DepthAnything / Depth-Anything-V2

Depth Anything V2. A More Capable Foundation Model for Monocular Depth Estimation
https://depth-anything-v2.github.io
Apache License 2.0
3.13k stars 239 forks source link

Temporal consistency #85

Open vitacon opened 1 month ago

vitacon commented 1 month ago

I used your model on several videos (to be more precise on several sequences of images) and the quality and the resolution is very impressive. The temporal consistency is usually also good but not in all videos. Sometimes the overall brightness suddenly changes and the video of depth maps flickers.

It seems there is no option to fix these kind of inaccuracies yet. (Or is it?) I suppose a second pass that would compare and adjust histograms of neighboring depth maps could help but I did not try to write it yet. Do you plan to add something like this to improve the temporal consistency?

https://github.com/user-attachments/assets/d89adda8-b907-47c6-af92-3b0807005583

LiheYoung commented 1 month ago

Thank you for sharing your test results. We are indeed working on improving the temporal consistency. Please stay tuned.

visonpon commented 1 month ago

for temporal consistency, it seems you guys can get some ideas from SAM2

elvistheyo commented 4 weeks ago

@vitacon did you get a solution to this problem?
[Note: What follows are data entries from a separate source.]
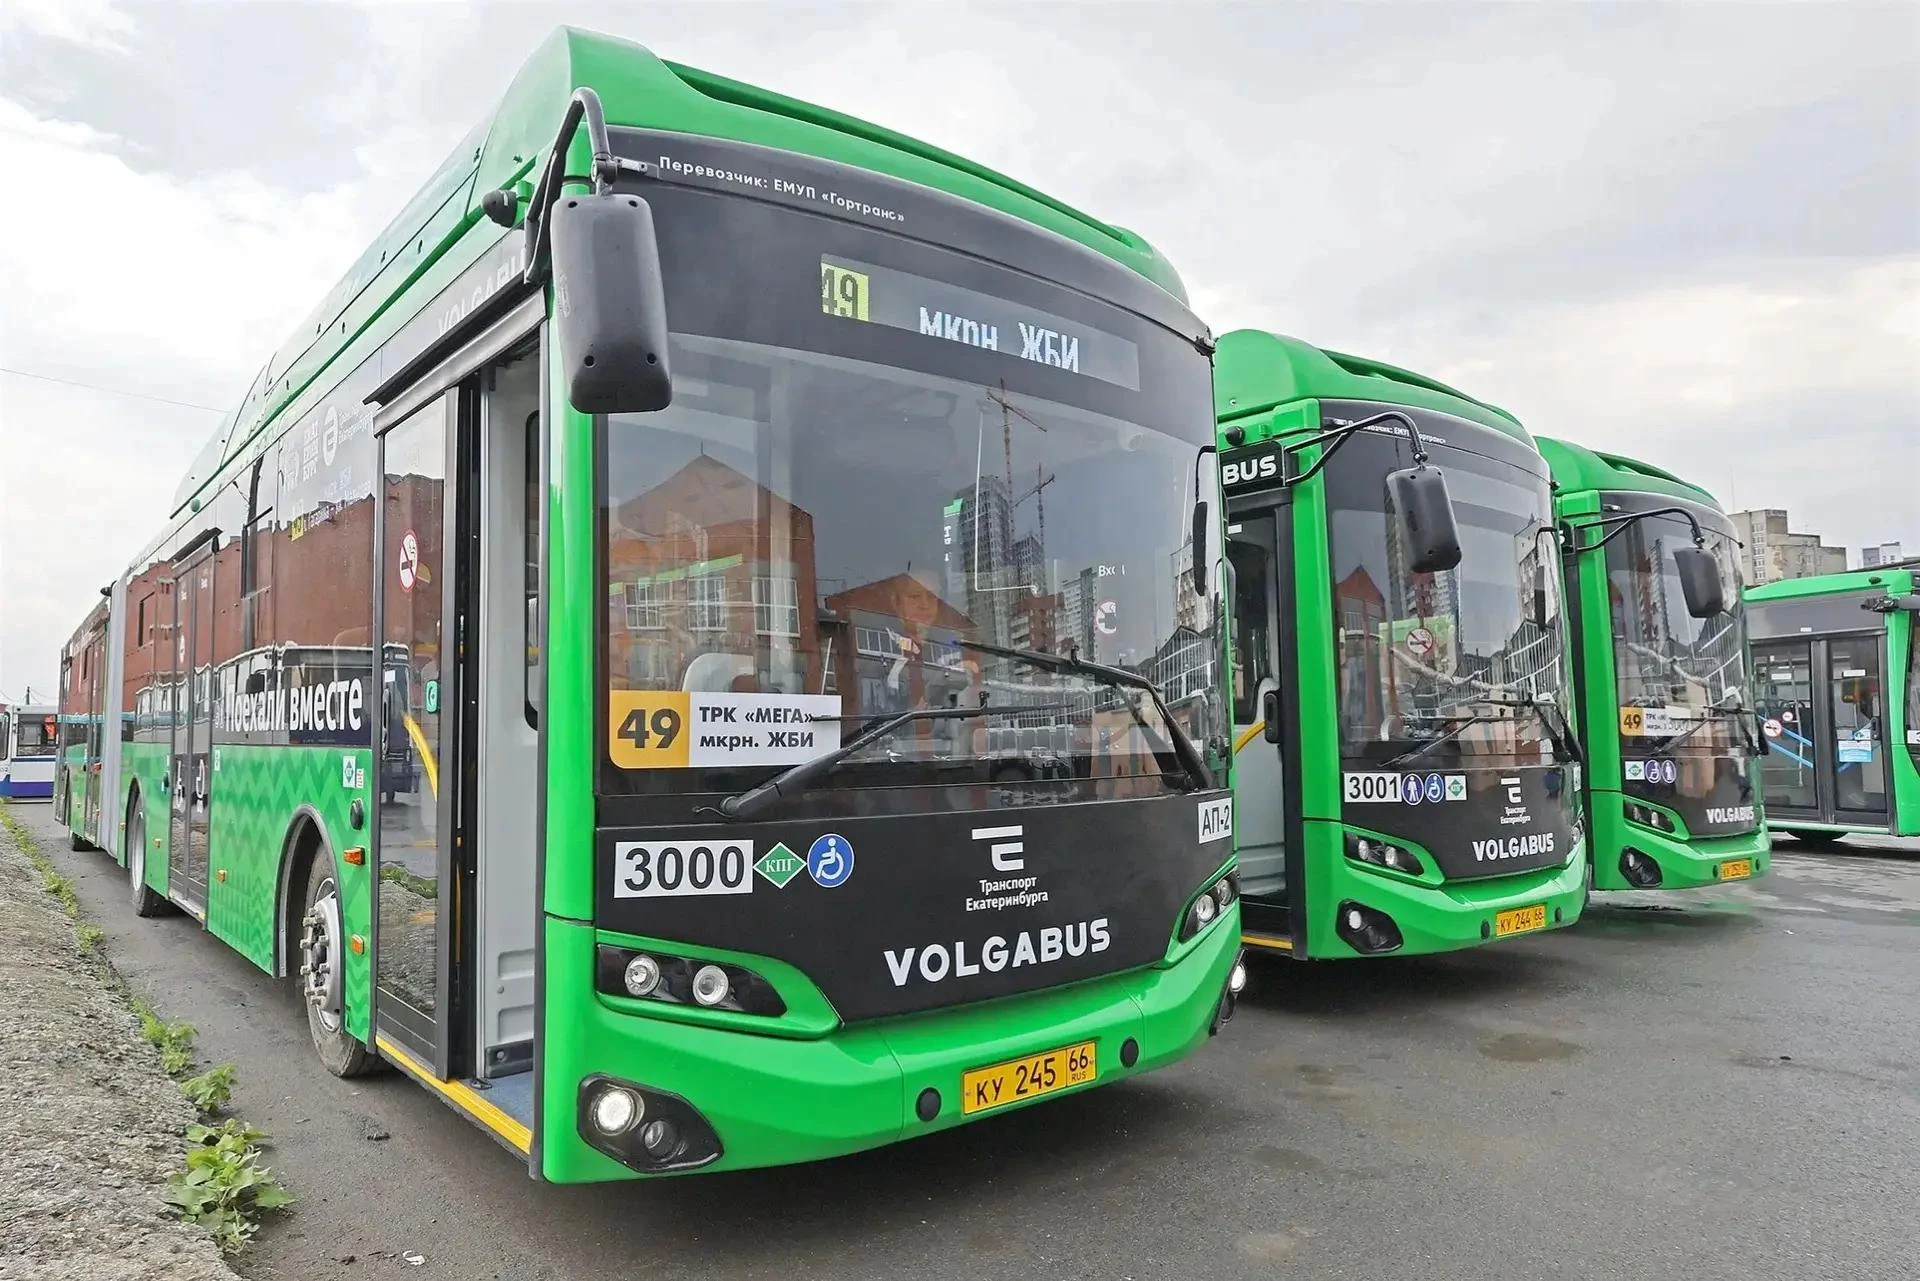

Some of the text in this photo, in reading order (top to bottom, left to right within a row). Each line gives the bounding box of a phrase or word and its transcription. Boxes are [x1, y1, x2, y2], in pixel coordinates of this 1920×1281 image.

[660, 156, 905, 222] Перевозчик: ЕМУП «Гортранс»
[821, 267, 859, 318] 49
[1018, 321, 1080, 374] ЖБИ
[1222, 455, 1277, 486] BUS
[226, 678, 363, 732] Поехали вместе
[699, 706, 813, 724] ТРК «МЕГА»
[617, 708, 682, 749] 49
[1623, 713, 1642, 729] 49
[700, 731, 814, 751] мкрн. ЖБИ
[1349, 776, 1398, 799] 3001
[1202, 805, 1230, 836] АП-2
[1706, 806, 1755, 823] VOLGABUS
[1472, 832, 1555, 862] VOLGABUS
[624, 845, 745, 891] 3000
[765, 858, 796, 874] КПГ
[965, 890, 1049, 911] Екатеринбурга
[979, 876, 1037, 896] Транспорт
[1515, 911, 1531, 930] 244
[883, 917, 1111, 987] VOLGABUS
[1015, 1056, 1056, 1095] 245
[1068, 1047, 1089, 1072] 66
[1071, 1071, 1087, 1082] RUS
vitacon commented 4 weeks ago

@elvistheyo In my app that uses the depth maps, I made exactly the thing I mentioned in my previous post. (Well, I copied most of the code from my older project. =)

I.e. I work with just two neighboring frames so I generate a histogram of each of them, find 16 values that divide the histogram area (integral) evenly, count 16 average values of the previous and following frame and finally adjust the values of the current frame accordingly to get the "same" histogram.
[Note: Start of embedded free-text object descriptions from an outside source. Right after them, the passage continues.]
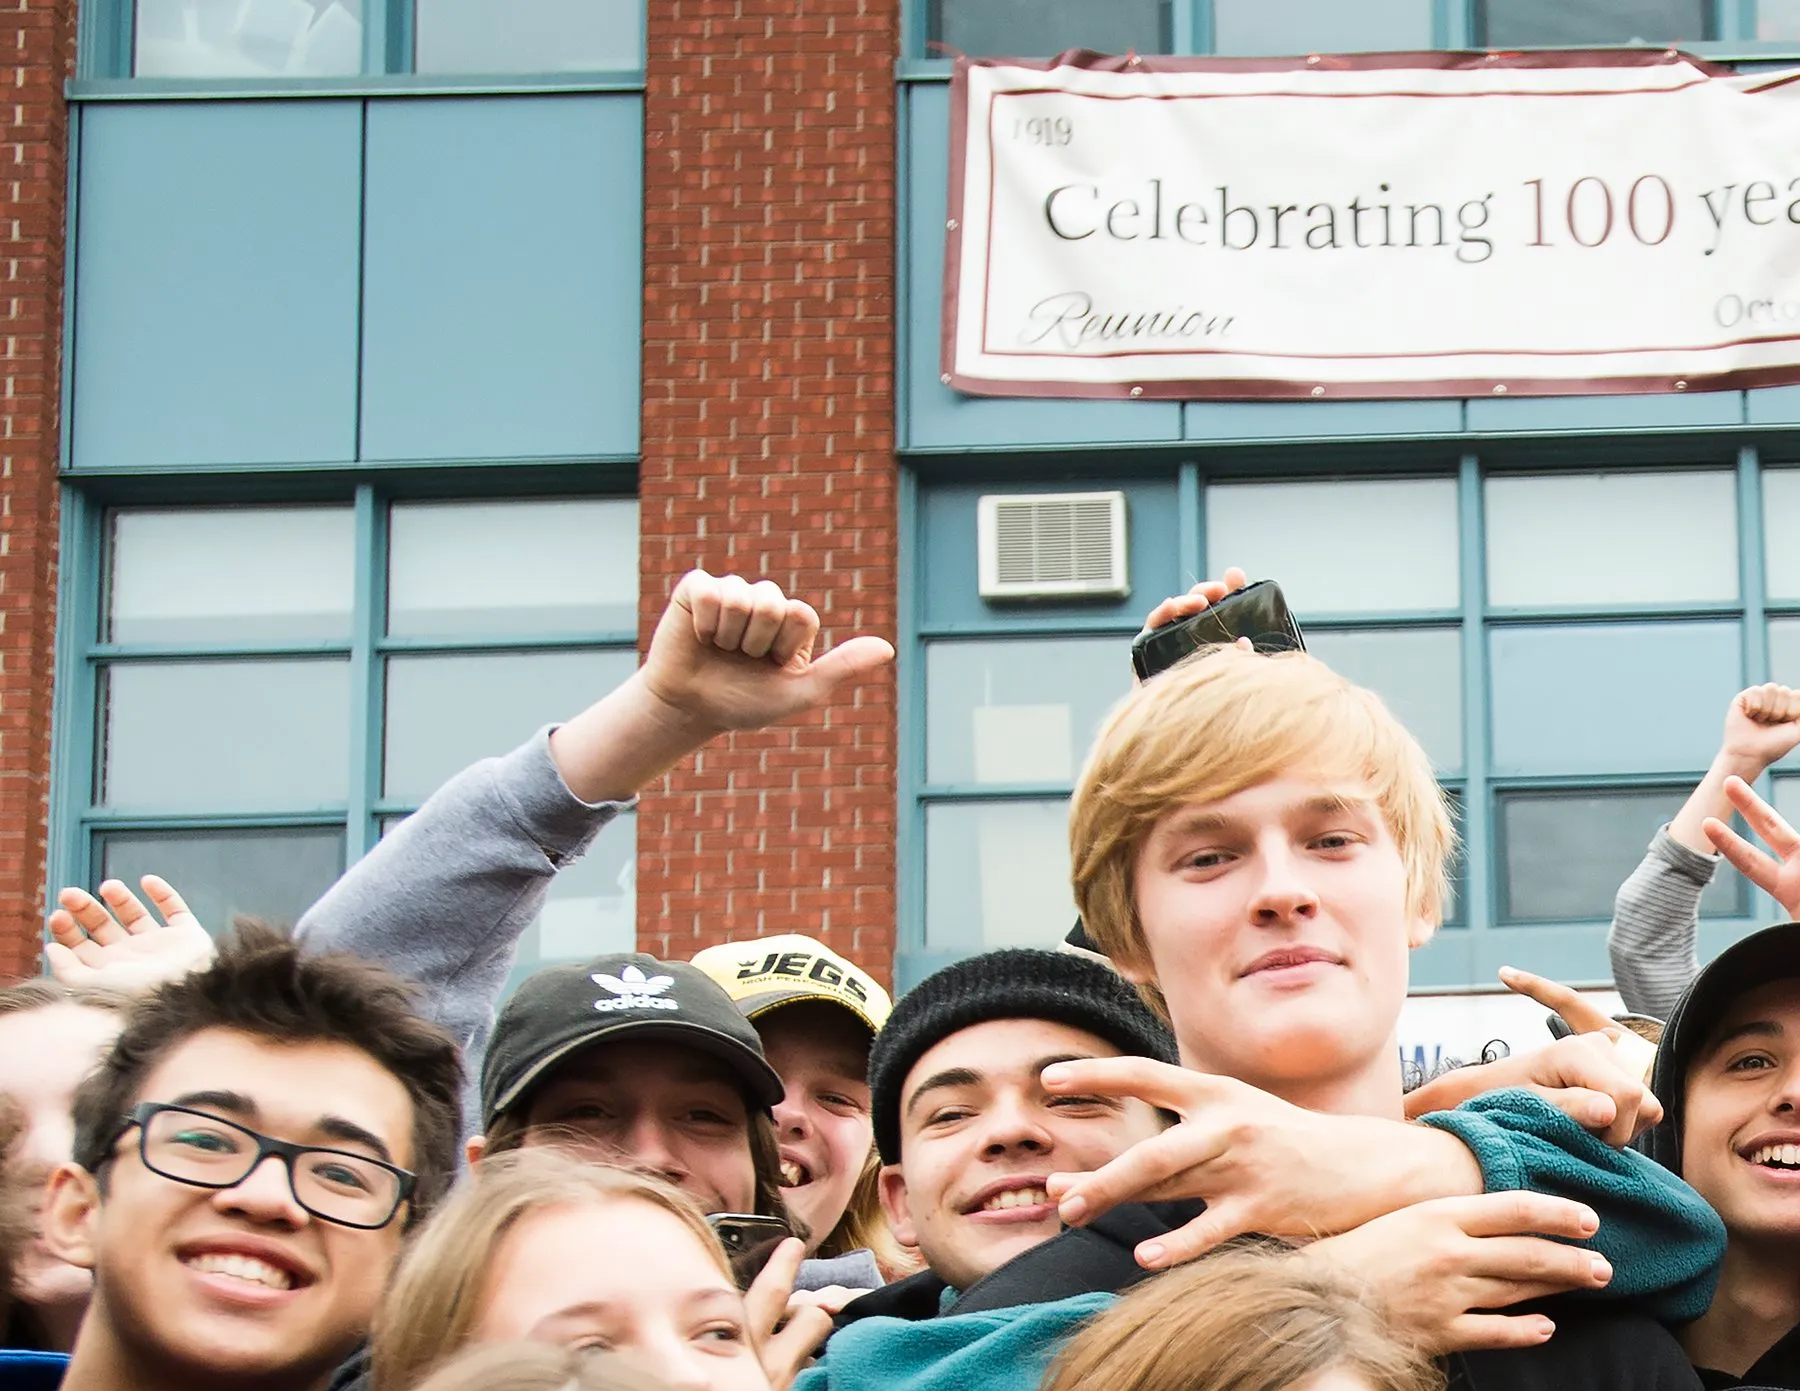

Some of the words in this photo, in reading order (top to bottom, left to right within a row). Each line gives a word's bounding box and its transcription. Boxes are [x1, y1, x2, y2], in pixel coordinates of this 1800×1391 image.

[1012, 116, 1073, 146] 1919
[1045, 179, 1494, 263] Celebrating
[1523, 175, 1675, 247] 100
[1018, 291, 1236, 350] Reunion
[594, 994, 679, 1011] adidas
[737, 953, 867, 1003] JEGS
It's definitely not an ideal solution but it helps a bit. I believe a more reliable way would be comparing the source images too, finding the unchanged areas, make sure the depth maps in these areas are the same too and use the values as "control points" to adjust the rest of the depth map.

elvistheyo commented 3 weeks ago

@vitacon thanks for the explanation. if you don't mind, could you kindly explain your second solution in more detail if possible? i did not quite understand the idea of it.

vitacon commented 3 weeks ago

@elvistheyo The neighboring frames are usually very similar so you can align them (they could be slightly offset because of camera movement) and compare them pixel by pixel (or square (8x8 pix) by square). If the difference is small enough we can suppose the pixel (or square) captures (usually) the same object in the same distance. It means the depth values of these pixels should be the same too. It they are not we should change the depth values somehow - replace them with an average (probably [previous + current + following]/3 or even [previous + following]/2 ) or something similar that would reduce the sudden changes.

The depths of areas that had changed must be adjusted by some other method (maybe the previous one using histogram). Probably we can "calibrate" the range a bit because we already know how much we changed (or did not change) the depth maps of the "unchanged" areas.